About 55 kms south of Thoothukudi main town, in a sleepy little hamlet called Mudalur, Muscoth halwa is prepared every day. This year, the unique halwa, turns 50.
As the weekend begins, the village barely shows signs of activity, other than outside the family-owned AJJ and SJ sweet shops, where original muscoth halwa is made and sold.
A Joseph, who passed away in 2002, at the age of 78, is credited for bringing this halwa to Mudalur from Ceylon where it was a popular sweet over 100 years ago. In Sinhalese, muscoth is coconut milk. He discovered it during his trips to Sri Lanka in the 1950s and liked the taste so much that he got the recipe from shops there — and satiated his craving by making it himself at home once he returned. However, he replaced wheat with maida (refined flour) and added coconut milk, sugar and cashew nut powder for a distinct flavour.
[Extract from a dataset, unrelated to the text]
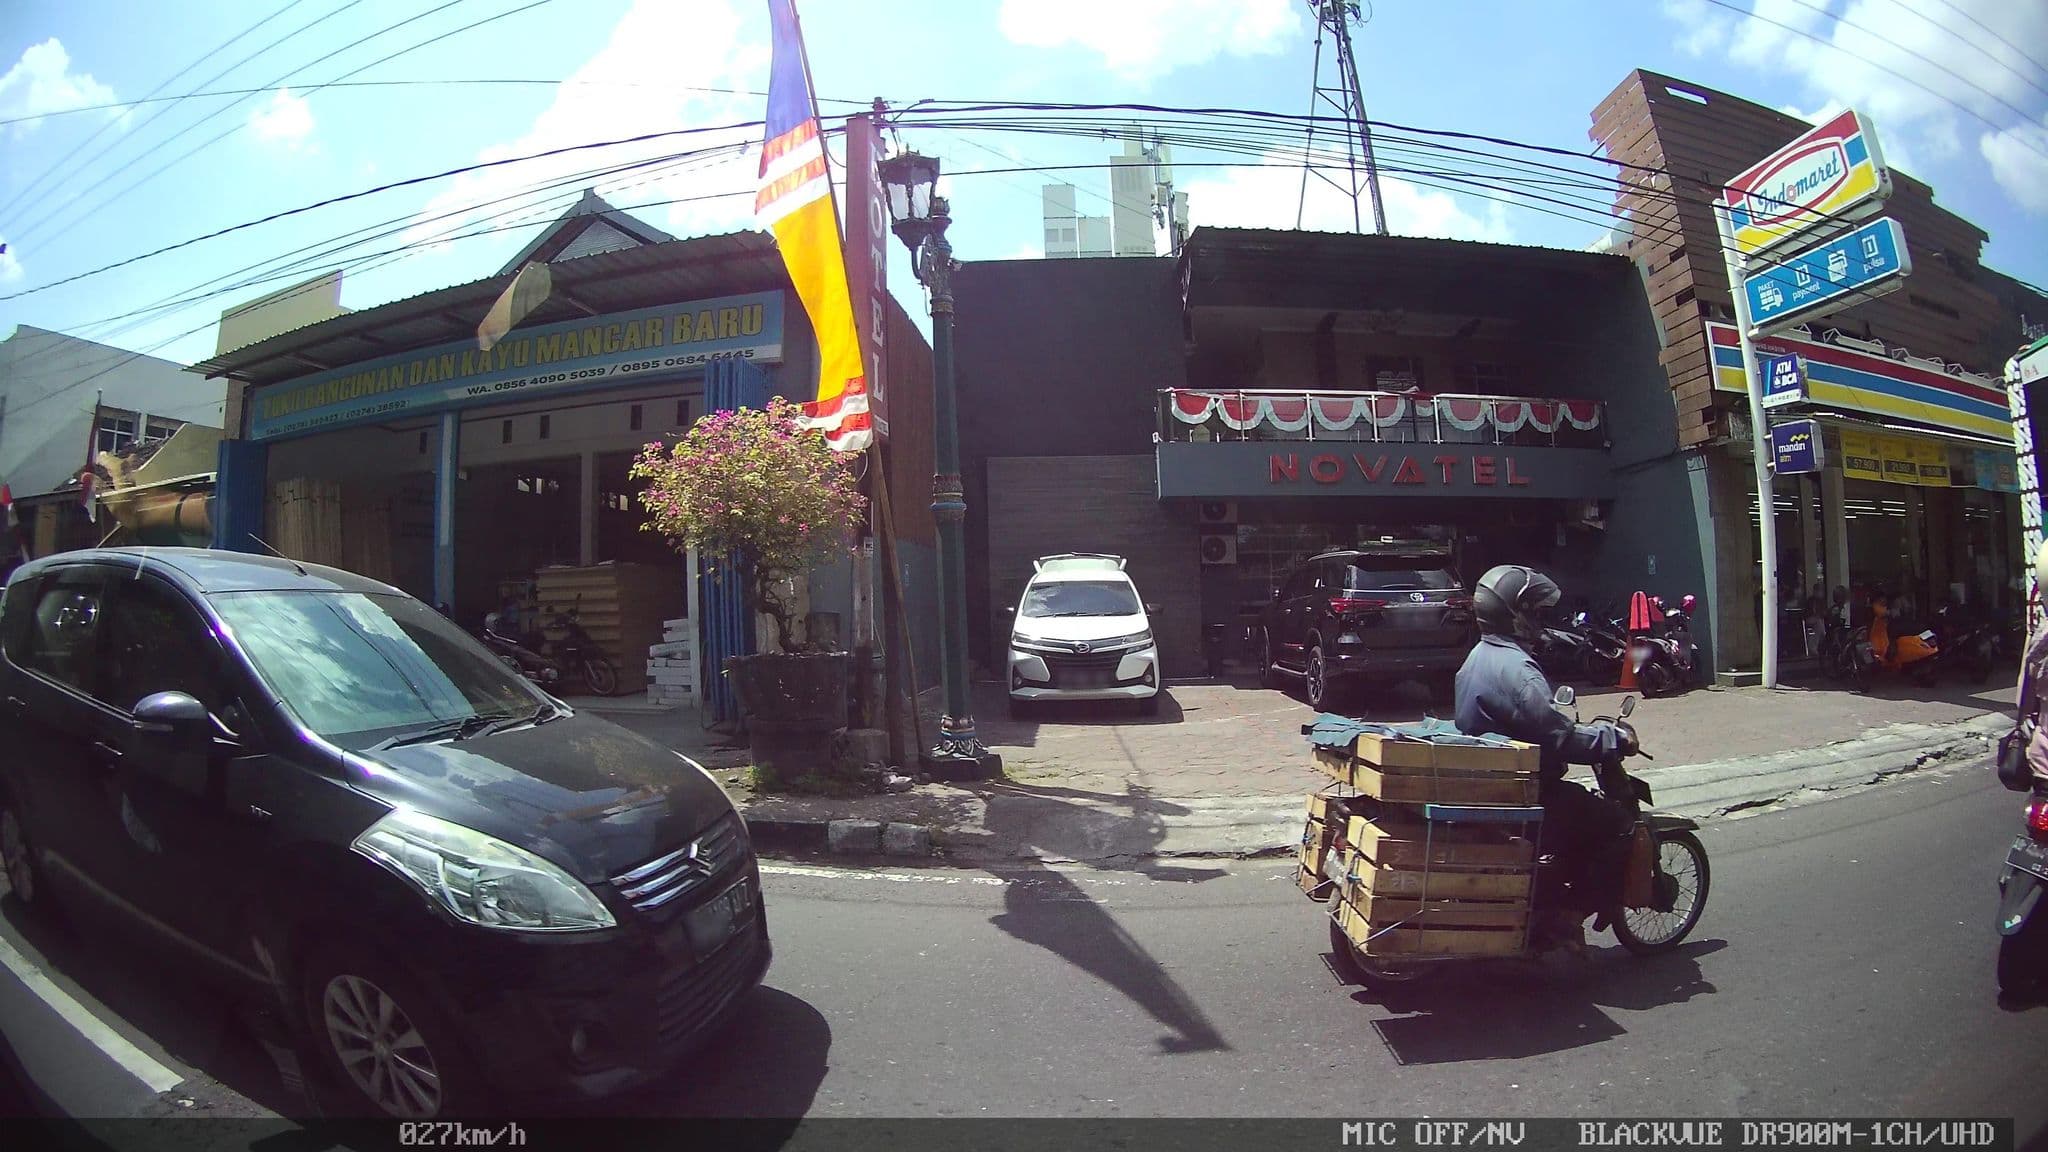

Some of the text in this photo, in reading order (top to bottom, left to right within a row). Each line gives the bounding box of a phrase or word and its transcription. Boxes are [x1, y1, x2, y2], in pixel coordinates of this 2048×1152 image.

But Joseph’s son, J Jeyaseelan, sensed a business opportunity in the sweet his father excelled in preparing. So, in 1969, he set up a small production unit and a shop called AJJ Sweets. In the beginning, the halwa was made manually but as its popularity and demand grew, production was gradually mechanised in 2001. Sam remembers eating the halwa from the shop as a child. The second, smaller SJ sweet shop was established in 2000 and is managed by Jeyaseelan’s nephews, Simon and Johnson, who run their own production unit. “We have no branches,” says Simon Joseph, who started working in this business two decades ago.